Le Colonel Assimi Goïta va-t-il se rendre à Accra ? Va-t-il se faire représenter ?  par le ministre des affaires étrangères et de la coopération internationale ? Par le Premier ministre déjà sous sanctions de la Cedeao ? Que va-t-il se passer si le colonel Goïta refuse de faire le déplacement ? Un durcissement ou le maintien des sanctions ? Un déplacement du Président de la Transition à Accra va-t-il permettre un allégement des sanctions avec la levée de l’embargo ? La CEDEAO va-t-elle opter pour des raisons humanitaires à cause du mois de ramadan ? Difficile d’y répondre. Au moment où nous mettions sous presse, la Présidence n’avait pas communiqué sur le sujet.  Encore moins le gouvernement !

Mali/ CEDEAO : pourquoi les négociations  échouent, selon Dr Soumaré »

‘’Tout cela est symptomatique’’. Pour Dr Modibo Soumaré, Président de l’Alliance des Forces Démocratiques (AFD) non moins président du Cadre des partis politiques pour une Transition réussie, il faudrait que le gouvernement prenne des mesures rapides pour sortir le Mali, les opérateurs économiques, le peuple malien tout court du guêpier de la cherté de la vie, de l’insécurité et de la division. Le Mali a besoin d’unité et d’union sacrée de toute sa population sans discrimination. Malheureusement, le chef du gouvernement a échoué dans cette mission, a-t-il souligné. La position du Cadre est une prorogation d’une dizaine de mois avec un gouvernement de mission inclusif ayant à sa tête un premier ministre non partisan.  Cela s’appelle une transition neutre, dit-il.

Le temps  des décisions politiques courageuses, selon Cheick Boukadry Traoré

Peu de périodes dans l’histoire de notre nation ont été plus difficiles que celle dans laquelle nous nous trouvons actuellement. Il est temps de prendre des décisions éclairées essentielles à la réussite de nos démarches pour un Mali stable et surtout de montrer la volonté politique nécessaire qui nous permettra de consolider notre nation.

Nous devons avancer avec rapidité et urgence dans les négociations avec la CEDEAO, mais aussi nous réunir autour de l’accord de paix afin d’obtenir des avancées significatives, car nous avons beaucoup à faire en cette période de périls et de possibilités. Nous pensons qu’il est nécessaire d’être audacieux dans nos actions et elles doivent être vitales. Et il n’y a donc pas meilleur moment que le moment présent pour agir hardiment afin d’alléger les souffrances de nos populations et de consolider davantage notre nation.

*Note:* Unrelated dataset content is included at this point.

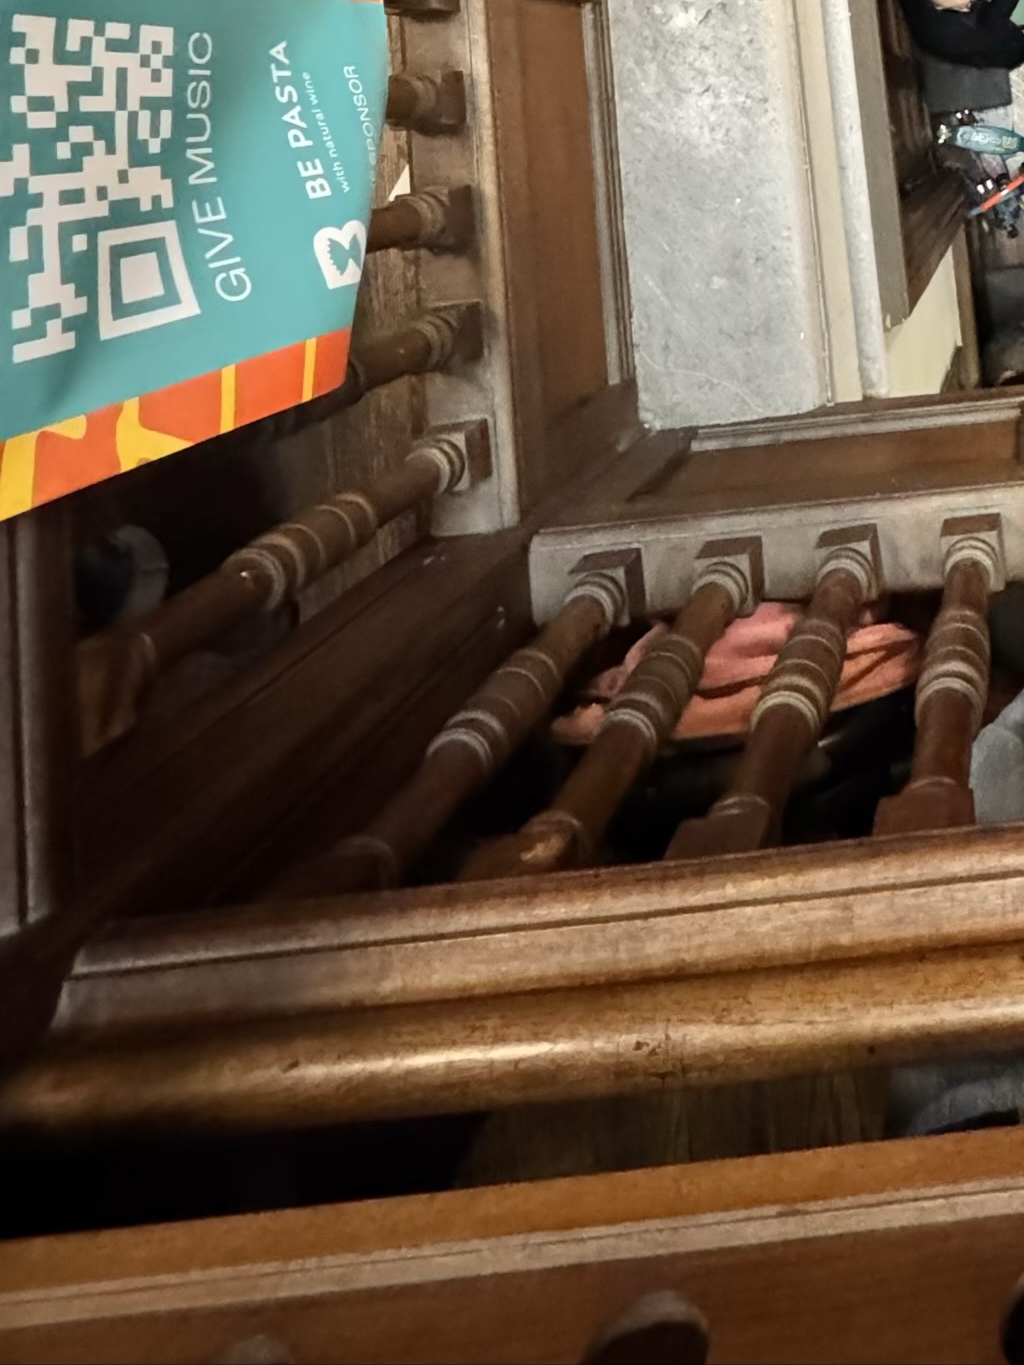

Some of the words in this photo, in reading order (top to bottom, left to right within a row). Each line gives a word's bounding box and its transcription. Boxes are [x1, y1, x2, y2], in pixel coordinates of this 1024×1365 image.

FEMAFOOT : vers une autre crise ?

Pour ressouder les morceaux de la Fédération Malienne de Football, il a fallu l’ultime sacrifice d’Arouna Modibo Touré, ministre de la jeunesse et des sports de l’époque. On se rappelle encore, c’est très tard dans la nuit qu’il est arrivé à un compromis qui a été le début de la fin de la crise. Ainsi, les choses étaient rentrées dans l’ordre dans l’espoir d’une nouvelle relance du football malien. Si cela a été applaudi et apprécié par les amateurs du ballon rond, une autre bisbille pointe à l’horizon et risque de replonger le monde du football dans une nouvelle crise dont personne ne connaît l’issue. Aujourd’hui, suite à l’assemblée ordinaire de la Fédération tenue le samedi 19 mars, certains membres ont été visés par les nouvelles dispositions en vue. Pis, le 2ème Vice-président, Sékou Keïta, va loin en publiant sur son compte Twitter, le désir de rendre le tablier. Ces incompréhensions débouchent sur des situations qui mettent en danger l’avenir de notre sport roi.

Dans le contexte actuel, le Président de la Fédération, Mamoutou Touré doit tout faire pour éviter les fissures. Seul l’intérêt de la nation doit primer.